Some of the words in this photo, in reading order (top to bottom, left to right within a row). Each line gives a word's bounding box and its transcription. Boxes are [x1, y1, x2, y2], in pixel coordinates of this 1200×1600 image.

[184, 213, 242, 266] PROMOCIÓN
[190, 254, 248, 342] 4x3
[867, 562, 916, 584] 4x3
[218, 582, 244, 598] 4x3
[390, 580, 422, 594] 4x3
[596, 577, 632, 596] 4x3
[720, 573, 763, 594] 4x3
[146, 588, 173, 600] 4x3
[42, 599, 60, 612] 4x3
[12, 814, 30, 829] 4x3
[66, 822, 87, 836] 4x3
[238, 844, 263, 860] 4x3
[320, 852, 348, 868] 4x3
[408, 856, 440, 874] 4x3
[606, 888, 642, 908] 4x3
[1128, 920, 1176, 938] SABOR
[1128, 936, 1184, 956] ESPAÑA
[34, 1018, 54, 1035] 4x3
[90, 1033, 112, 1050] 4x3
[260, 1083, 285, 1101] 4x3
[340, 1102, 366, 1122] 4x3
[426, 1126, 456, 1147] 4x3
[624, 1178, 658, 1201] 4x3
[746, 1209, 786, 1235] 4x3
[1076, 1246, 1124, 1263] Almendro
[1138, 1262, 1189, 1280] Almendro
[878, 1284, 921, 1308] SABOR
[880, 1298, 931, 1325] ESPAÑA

:::::

• Your assignment: Once you have read the records above, write them all out exactly.

• Your response:
Some of the words in this photo, in reading order (top to bottom, left to right within a row). Each line gives a word's bounding box and its transcription. Boxes are [x1, y1, x2, y2], in pixel coordinates of this 1200×1600 image.

[184, 213, 242, 266] PROMOCIÓN
[190, 254, 248, 342] 4x3
[867, 562, 916, 584] 4x3
[218, 582, 244, 598] 4x3
[390, 580, 422, 594] 4x3
[596, 577, 632, 596] 4x3
[720, 573, 763, 594] 4x3
[146, 588, 173, 600] 4x3
[42, 599, 60, 612] 4x3
[12, 814, 30, 829] 4x3
[66, 822, 87, 836] 4x3
[238, 844, 263, 860] 4x3
[320, 852, 348, 868] 4x3
[408, 856, 440, 874] 4x3
[606, 888, 642, 908] 4x3
[1128, 920, 1176, 938] SABOR
[1128, 936, 1184, 956] ESPAÑA
[34, 1018, 54, 1035] 4x3
[90, 1033, 112, 1050] 4x3
[260, 1083, 285, 1101] 4x3
[340, 1102, 366, 1122] 4x3
[426, 1126, 456, 1147] 4x3
[624, 1178, 658, 1201] 4x3
[746, 1209, 786, 1235] 4x3
[1076, 1246, 1124, 1263] Almendro
[1138, 1262, 1189, 1280] Almendro
[878, 1284, 921, 1308] SABOR
[880, 1298, 931, 1325] ESPAÑA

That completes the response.